Reality Check: Not Everything Is "Hard"
There's a quote from Cheryl Strayed — from her completely wonderful, life-changing book Tiny Beautiful Things — that I keep coming back to: "There is no why. You don't have a right to the cards you believe you should have been dealt. You have an obligation to play the hell out of the ones you're holding."
I've been thinking about this a lot lately, about how much the words you tell yourself actually matter. Not in a manifestation-girlie, vision-board way, but in the smaller, more stubborn sense of where you choose to put your attention. Spill your coffee at 8 a.m., decide the day is ruined, and it usually obliges. Tell yourself you're lucky, and you start noticing evidence of it everywhere.

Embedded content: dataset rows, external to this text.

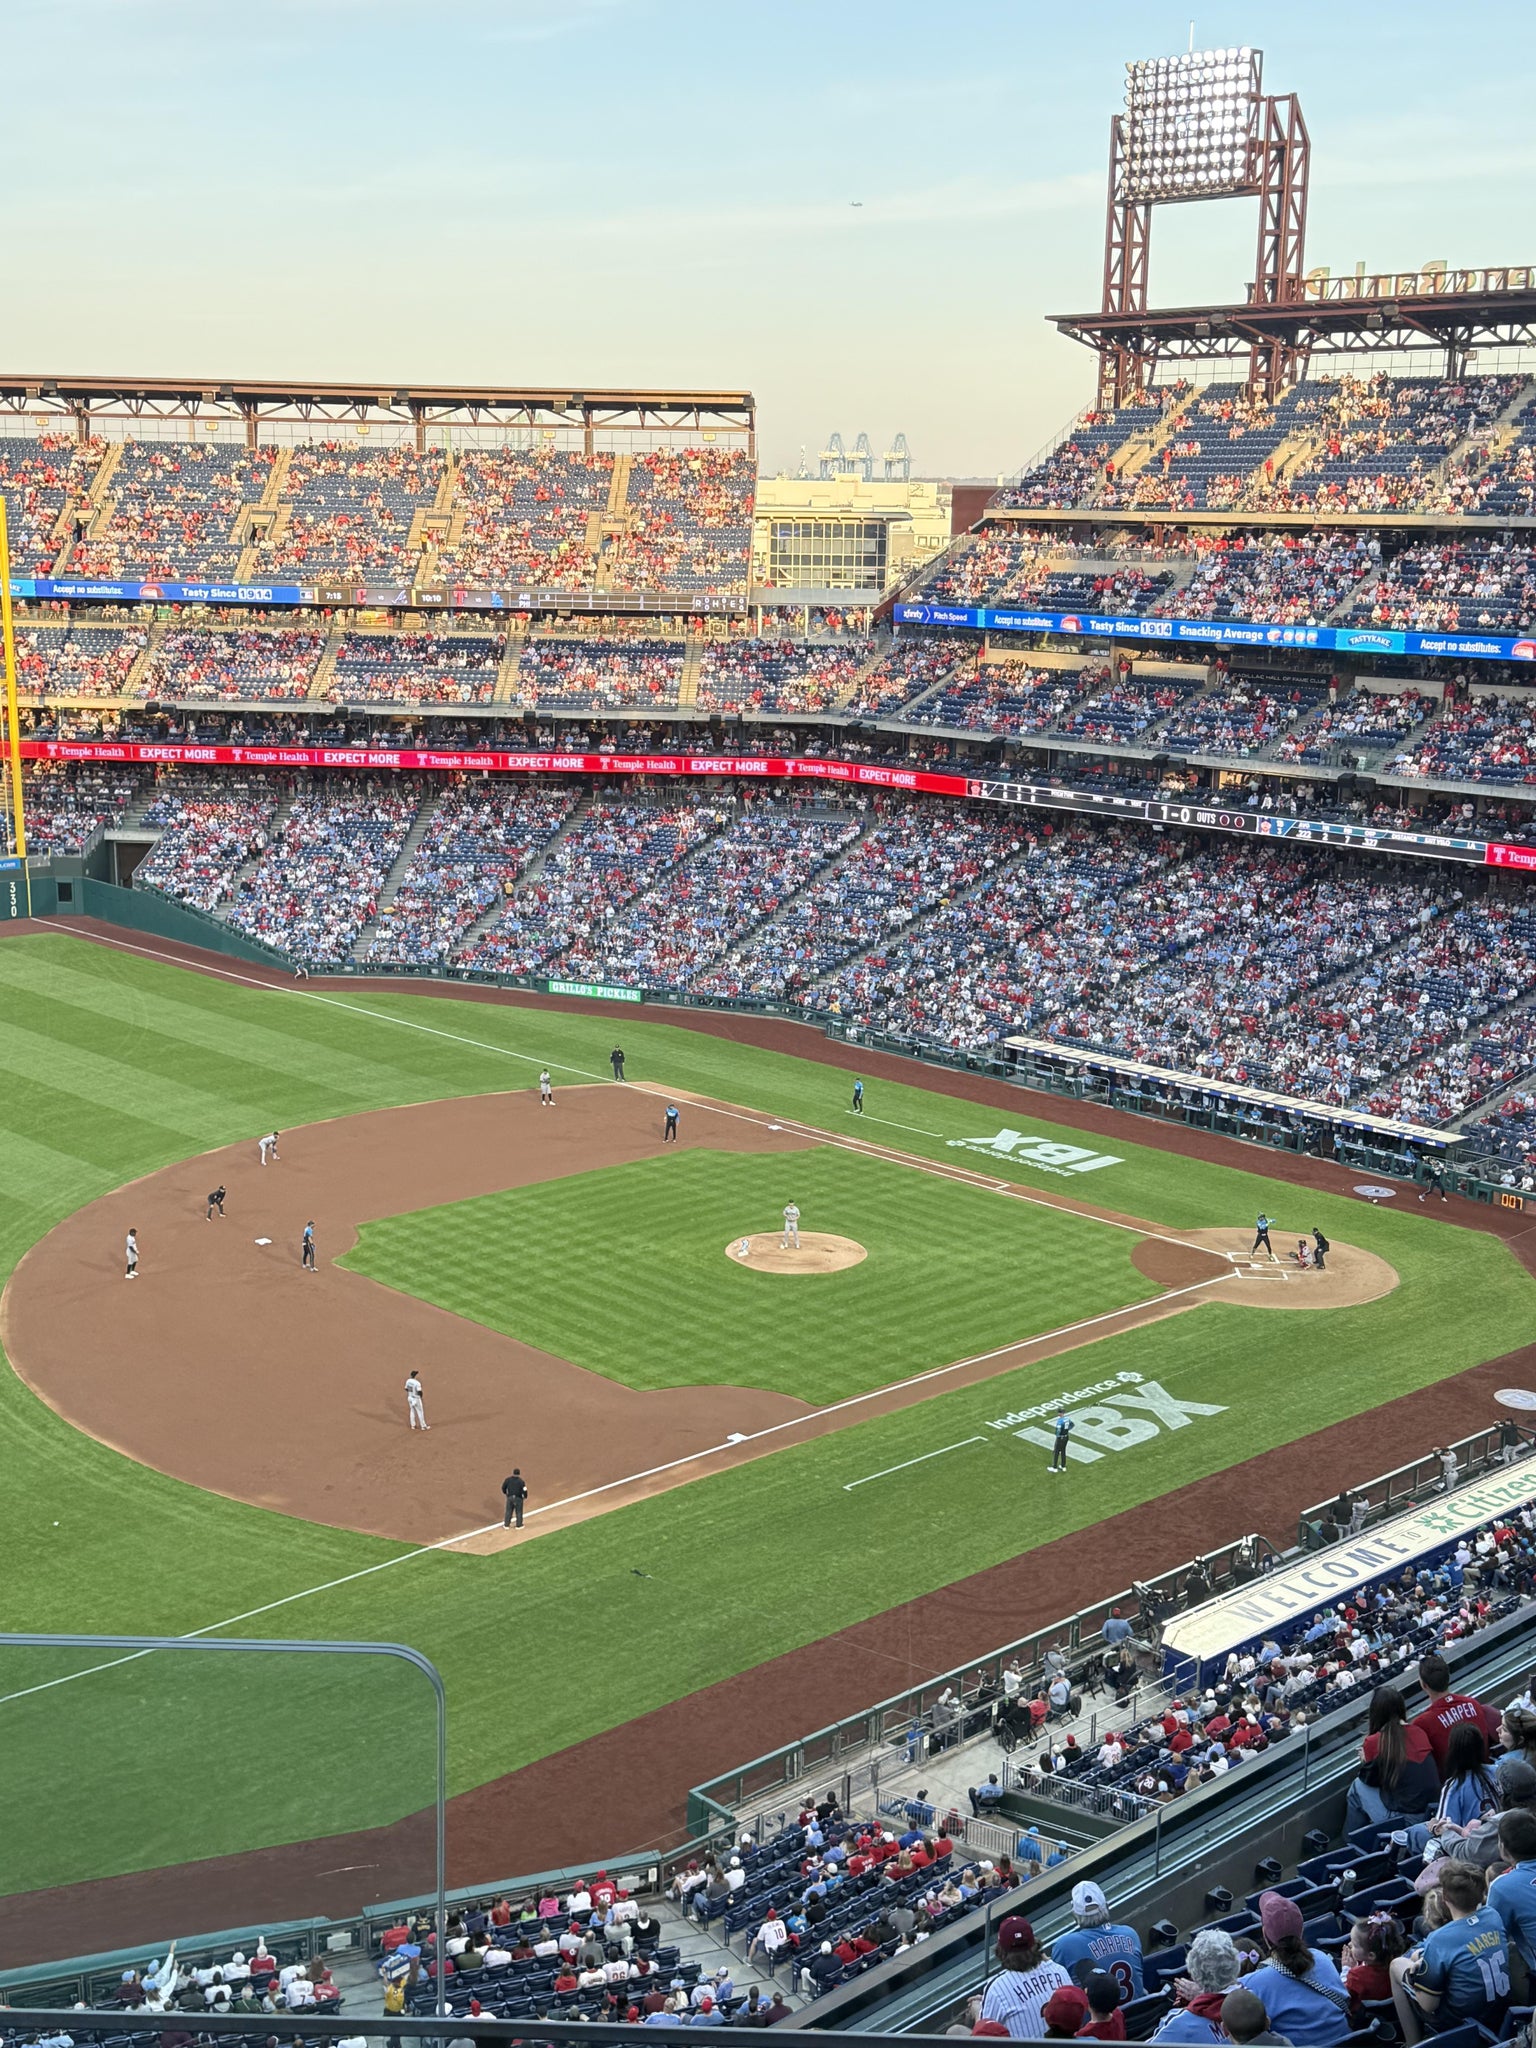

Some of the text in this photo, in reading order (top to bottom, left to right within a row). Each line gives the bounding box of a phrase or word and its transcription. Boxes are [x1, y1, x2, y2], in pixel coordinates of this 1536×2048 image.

[53, 584, 76, 594] Accept
[181, 588, 272, 600] Tasty Since 1914
[326, 592, 342, 600] 7:15
[421, 594, 442, 602] 10:10
[903, 609, 923, 619] xfinity
[934, 612, 967, 622] Pitch Speed
[994, 615, 1013, 626] Accept
[1090, 620, 1114, 633] Tasty
[1116, 622, 1139, 632] Since
[1140, 622, 1172, 636] 1914
[1180, 626, 1263, 641] Snacking Average
[1350, 634, 1392, 648] TASTYKAKE
[1420, 639, 1446, 652] Accept
[1448, 643, 1457, 651] no
[60, 746, 93, 757] Temple
[95, 748, 125, 757] Health
[140, 748, 216, 760] EXPECT MORE
[245, 751, 277, 762] Temple
[279, 752, 309, 762] Health
[324, 752, 400, 764] EXPECT MORE
[429, 756, 461, 767] Temple
[464, 756, 493, 766] Health
[508, 757, 584, 768] EXPECT MORE
[613, 760, 644, 770] Temple
[646, 760, 676, 770] Health
[691, 760, 768, 772] EXPECT MORE
[798, 763, 826, 775] Temple
[828, 765, 849, 776] Health
[860, 769, 916, 785] EXPECT MORE
[1160, 806, 1216, 824] 1-0 OUTS
[1392, 833, 1417, 843] DISTANCE
[552, 981, 638, 1000] GRILLO'S PICKLES
[1388, 1124, 1439, 1136] HOME
[961, 1128, 1126, 1172] IBX
[966, 1145, 1076, 1177] Independence
[1502, 1193, 1523, 1210] 007
[985, 1378, 1121, 1430] Independence
[1012, 1380, 1230, 1464] IBX
[1224, 1536, 1411, 1624] WELCOME
[1401, 1532, 1421, 1540] TO
[1438, 1702, 1478, 1728] HARPER
[774, 1928, 784, 1939] 10
[1088, 1935, 1134, 1960] HARPER
[1466, 1930, 1500, 1956] MARSH
[1109, 1960, 1134, 2004] 3
[1476, 1950, 1511, 2002] 16
[1013, 1972, 1063, 2003] HARPER
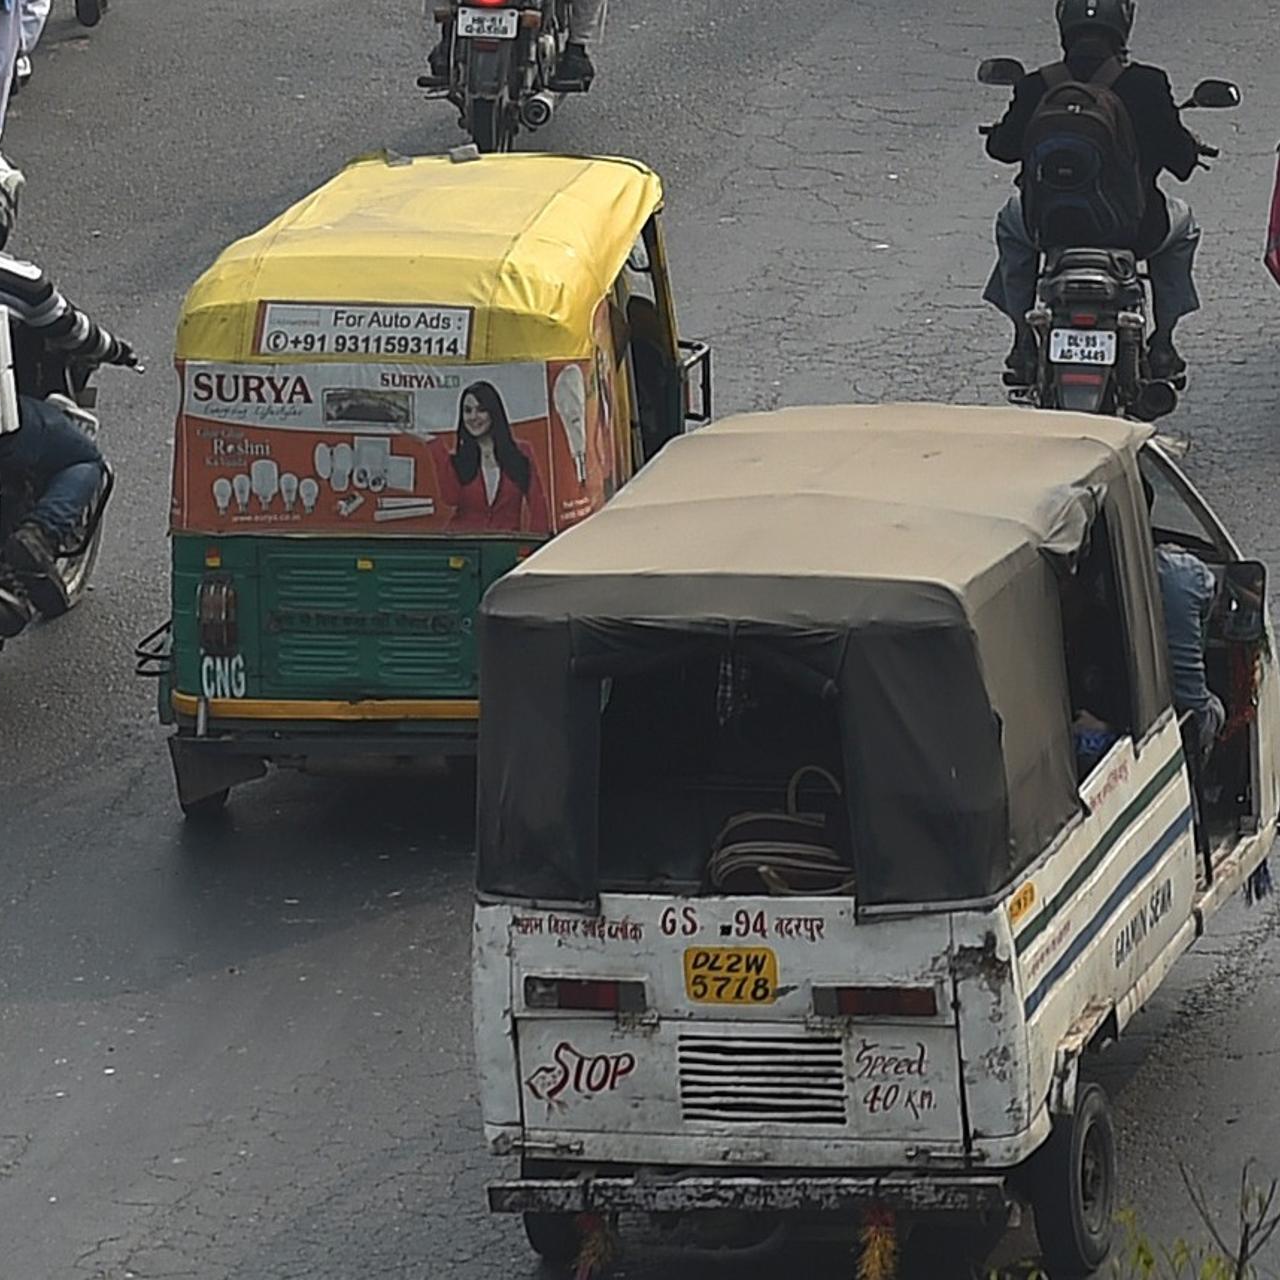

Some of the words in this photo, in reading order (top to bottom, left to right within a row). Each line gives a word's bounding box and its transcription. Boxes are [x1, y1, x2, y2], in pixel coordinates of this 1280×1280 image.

[333, 310, 365, 329] For
[369, 310, 411, 331] Auto
[415, 311, 453, 331] Ads
[290, 334, 328, 354] +91
[334, 334, 461, 356] 9311593114
[193, 372, 314, 405] SURYA
[379, 373, 434, 388] SURYA
[201, 652, 246, 699] CNG
[691, 952, 767, 976] DL2W
[554, 1041, 637, 1100] STOP
[855, 1040, 927, 1080] Speed
[863, 1084, 900, 1114] 40
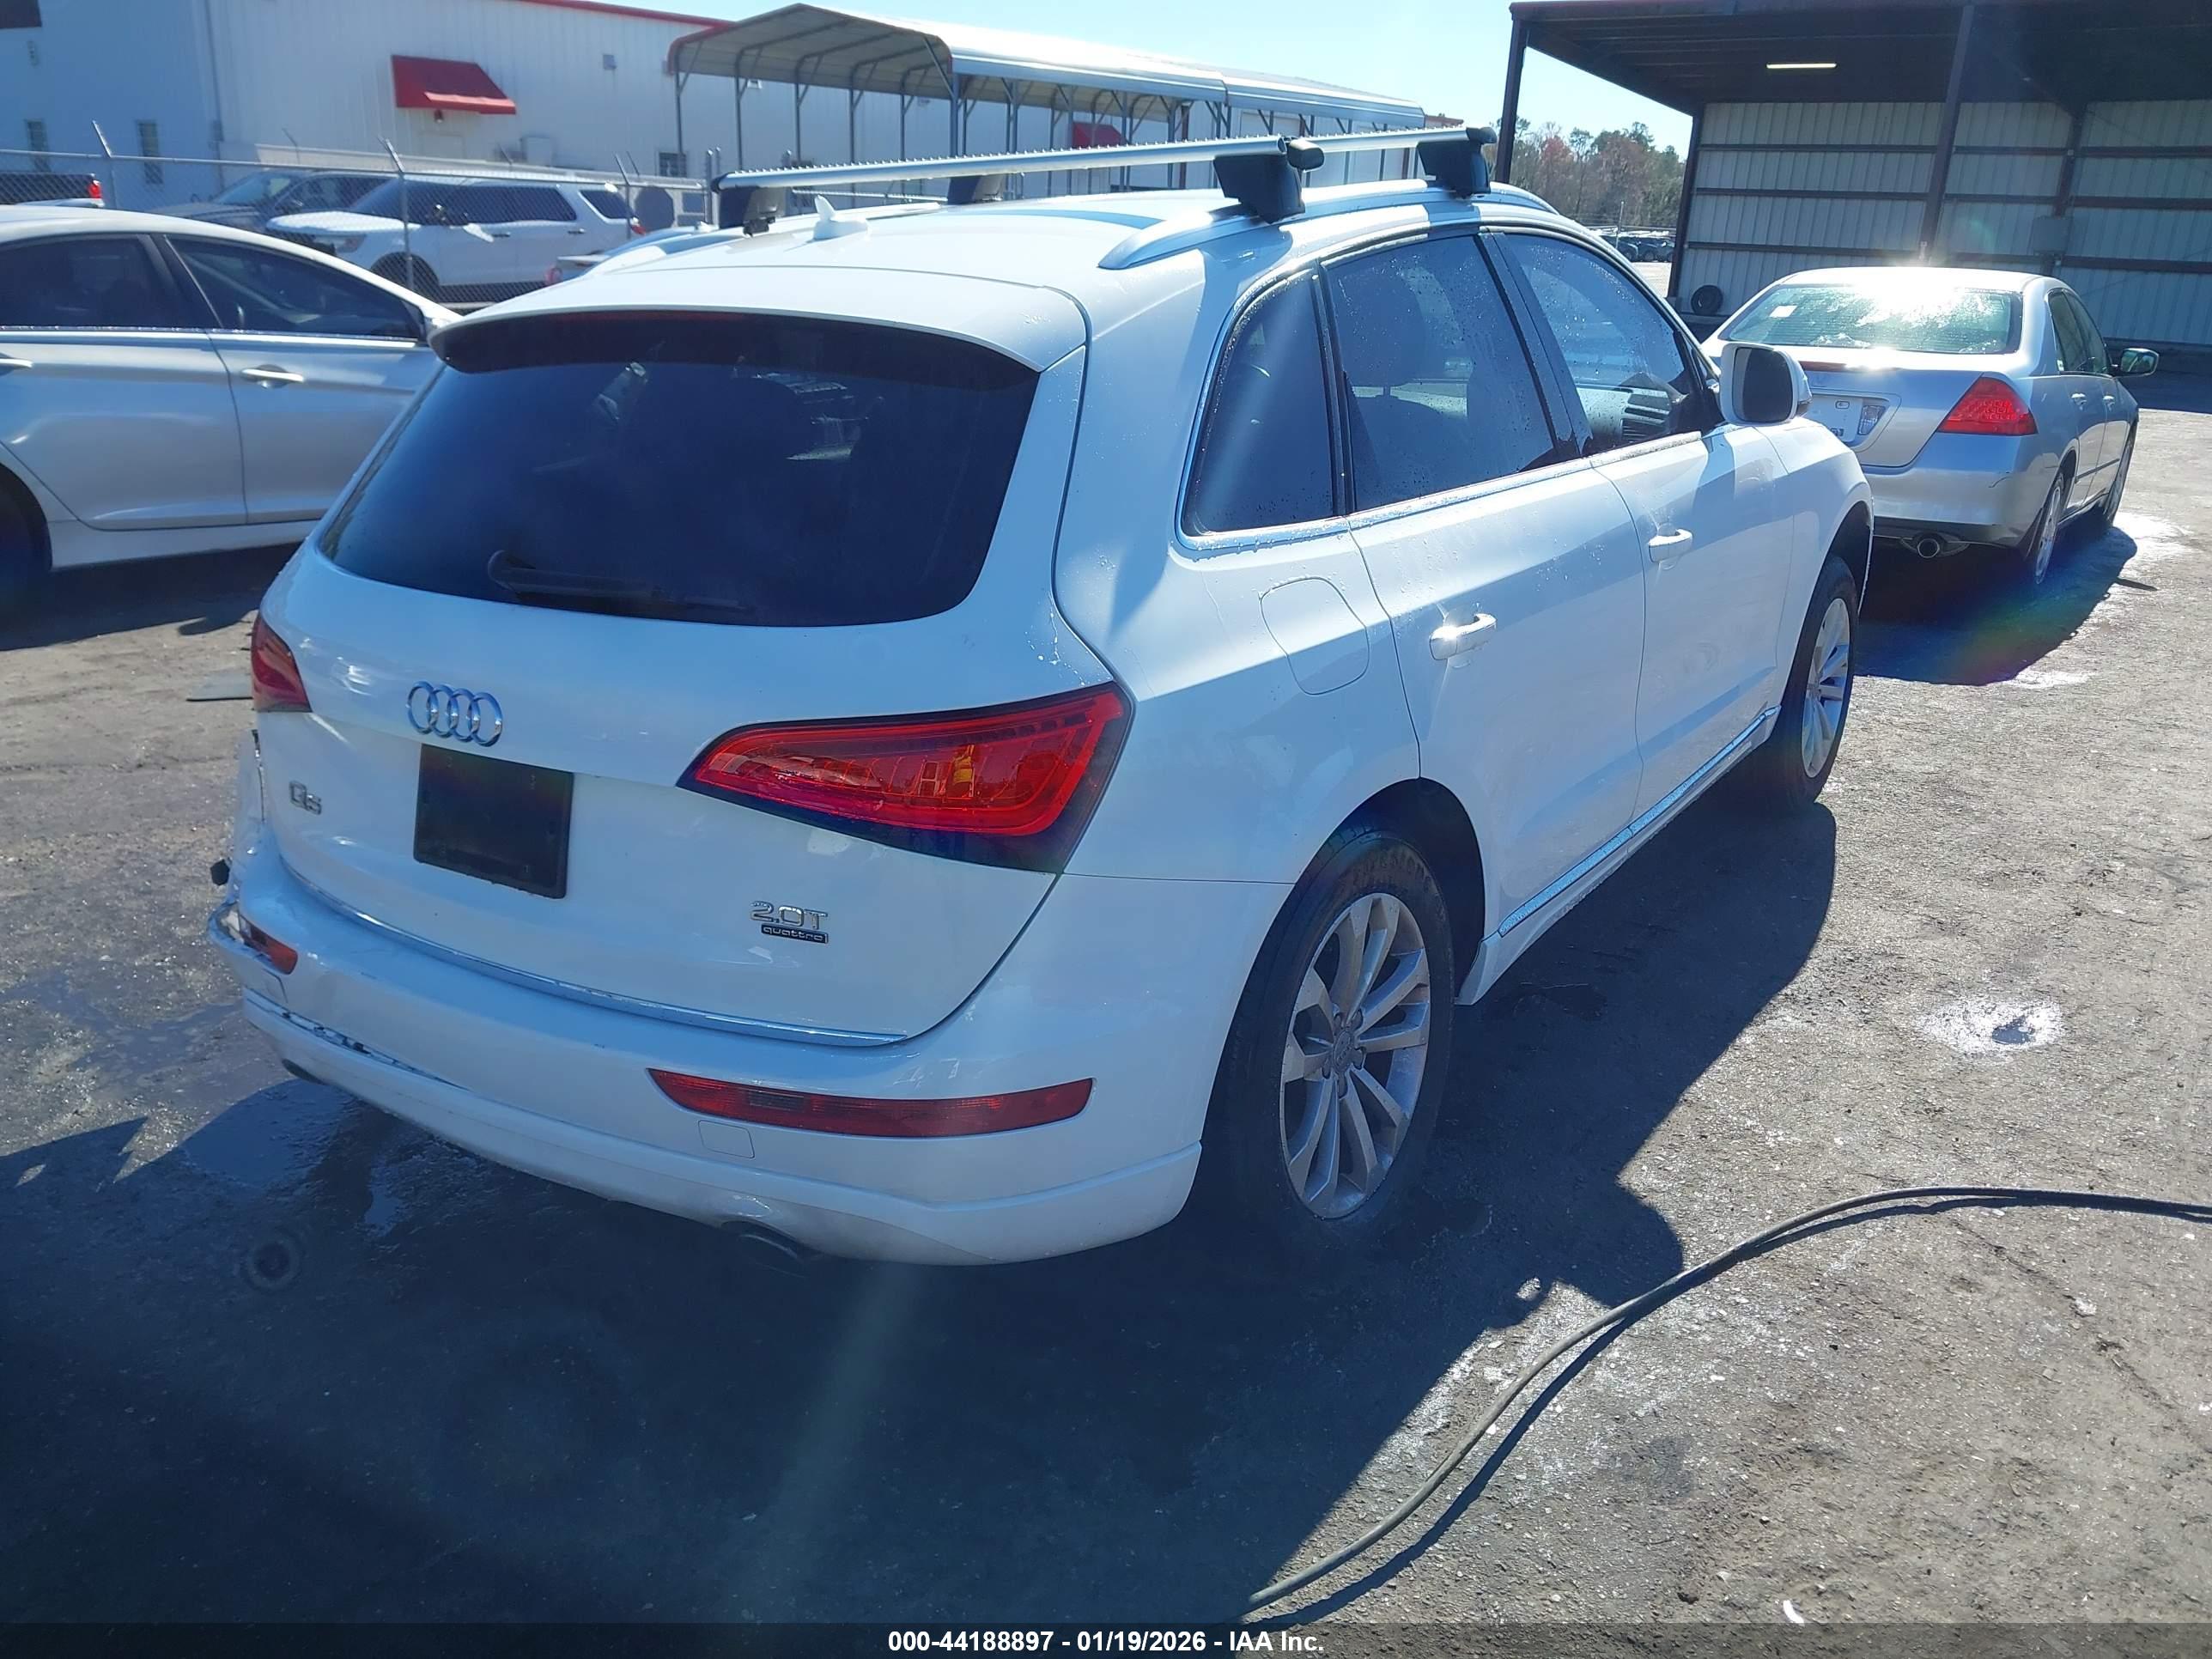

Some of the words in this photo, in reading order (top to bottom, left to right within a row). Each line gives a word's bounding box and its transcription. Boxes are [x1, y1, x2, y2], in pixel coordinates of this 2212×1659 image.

I recently came across a video from Natalie Buchoz, a quadriplegic motivational speaker who became paralyzed at 15 after a skiing accident, talking about what it means to wake up every morning and choose your attitude. Not a platitude, coming from her. Just a straight-faced argument that "any problem with a solution isn't really a problem," and that most of us have more than we're giving ourselves credit for.
I've always been a positive person — my friends would probably say to a fault — but I used to wonder if that was just my personality, some genetic setting I lucked into. I don't think that anymore. Infertility, chronic illnesses, losing my best friend at 31: none of it was a gift, except that all of it gave me perspective I didn't know I needed and couldn't have gotten any other way. The hard cards didn't cost me my optimism. They're the reason I have it.
You don't get to choose the hand. But you do get to decide what you do with it.